TEMPO.CO, Pontianak - Kematian warga negara Indonesia yang bekerja di Sarawak, Malaysia, disebabkan oleh banyak hal, dari sakit sampai dimakan buaya.
“Penyebabnya macam-macam, dari kecelakaan kerja, pembunuhan, sakit, bahkan ada yang dilaporkan dimakan buaya,” kata Sekretaris III Konsulat Jenderal Republik Indonesia (KJRI) Kuching Marissa Febriana Wardani, Selasa, 29 Desember 2015.
Dia membenarkan bahwa tingkat kematian warga negara Indonesia, dalam hal ini TKI, di Kuching cukup tinggi. “Setahun bisa mencapai 200 orang,” ujarnya.
Sebagai perwakilan negara di Malaysia, sudah menjadi kewajiban KJRI Kuching memfasilitasi kepulangan jenazah tersebut dengan layak. Jenazah ini dipulangkan melalui pintu border Entikong. Kemudian, jika bukan warga Kalimantan Barat, akan diteruskan melalui Bandara Supadio Pontianak untuk diterbangkan ke daerah asalnya.
"Untuk beberapa kasus, ada juga yang langsung dari Kuching via Kuala Lumpur menuju Jakarta. Selanjutnya menuju daerah asal TKI tersebut,” ucapnya.
Marissa mengatakan KJRI Kuching pernah menyampaikan kepada pihak karantina di Entikong dalam rapat pada 2014 bahwa KJRI sudah menetapkan prosedur dokumen pengiriman jenazah. Jenazah harus mendapat surat keterangan kematian dari KJRI. Syarat lainnya adalah export permit dari pemerintah Negara Bagian Sarawak, Malaysia, embalming certificate dari RS Sarawak, dan RS Sarawak. “Dokumen tersebut kami rasa cukup untuk menjamin bahwa jenazah yang dibawa aman,” katanya.
Dalam rapat tersebut, kata Marissa, pihak KJRI juga meminta Pos Pemeriksaan Lintas Batas Entikong dilengkapi fasilitas X-ray, sehingga bisa memastikan jenazah tidak disusupi benda yang dicurigai. Kata dia, tentunya ada fasilitas untuk “membongkar” dan “merapikan” kembali jenazah yang sudah diperiksa.

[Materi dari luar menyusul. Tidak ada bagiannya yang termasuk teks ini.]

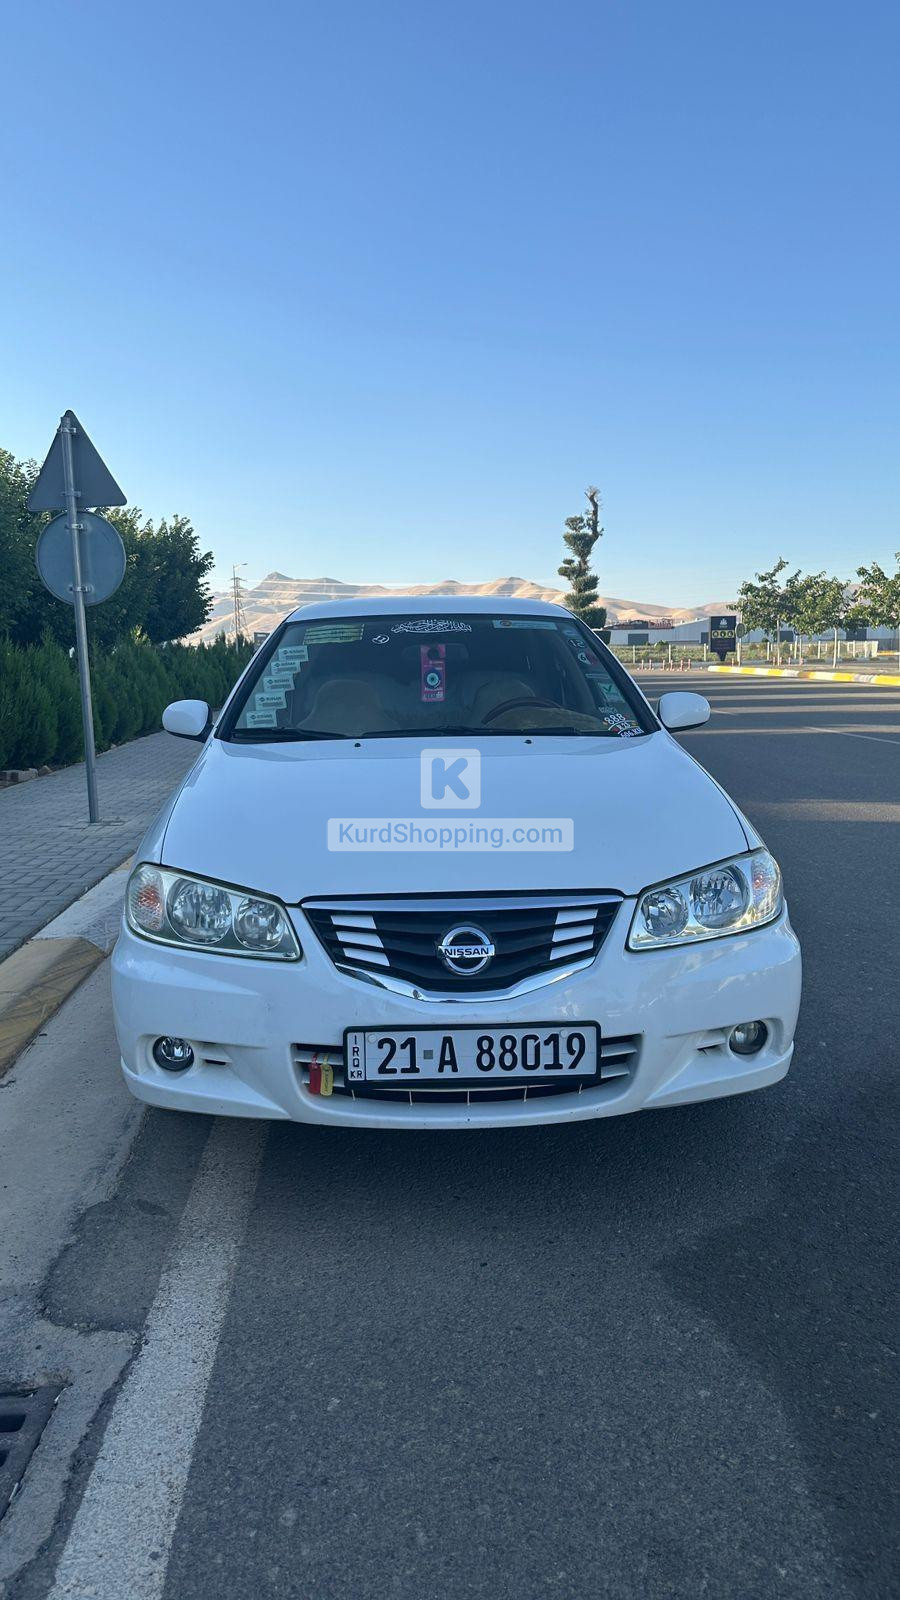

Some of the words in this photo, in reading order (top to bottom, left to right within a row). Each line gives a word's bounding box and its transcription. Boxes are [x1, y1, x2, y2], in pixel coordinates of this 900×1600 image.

[444, 947, 490, 956] NISSAN
[376, 1036, 421, 1075] 21
[437, 1036, 459, 1074] A
[475, 1032, 587, 1072] 88019
[350, 1070, 363, 1079] KR

Isu kejahatan transnasional ini muncul dalam FGD Sinergisitas antarinstitusi di perbatasan Kalimantan Barat, menghadapi Masyarakat Ekonomi ASEAN ke depan. “Kalbar mempunyai 966 kilometer daerah yang berbatasan langsung dengan Malaysia. Selain itu, banyak jalan tikus,” tutur Kepala Kepolisian Daerah Kalimantan Barat Brigadir Jenderal Arief Sulistyanto.
Dia menambahkan, Kalimantan Barat sangat rentan disusupi barang-barang ilegal, bahkan sebelum diberlakukannya MEA. Dari empat border yang ada, tinggal satu border yang belum dilengkapi penjagaan. “Padahal aksesnya sangat baik dan mudah. Border Jagoi Babang ini berbatasan dengan Serikin,” katanya.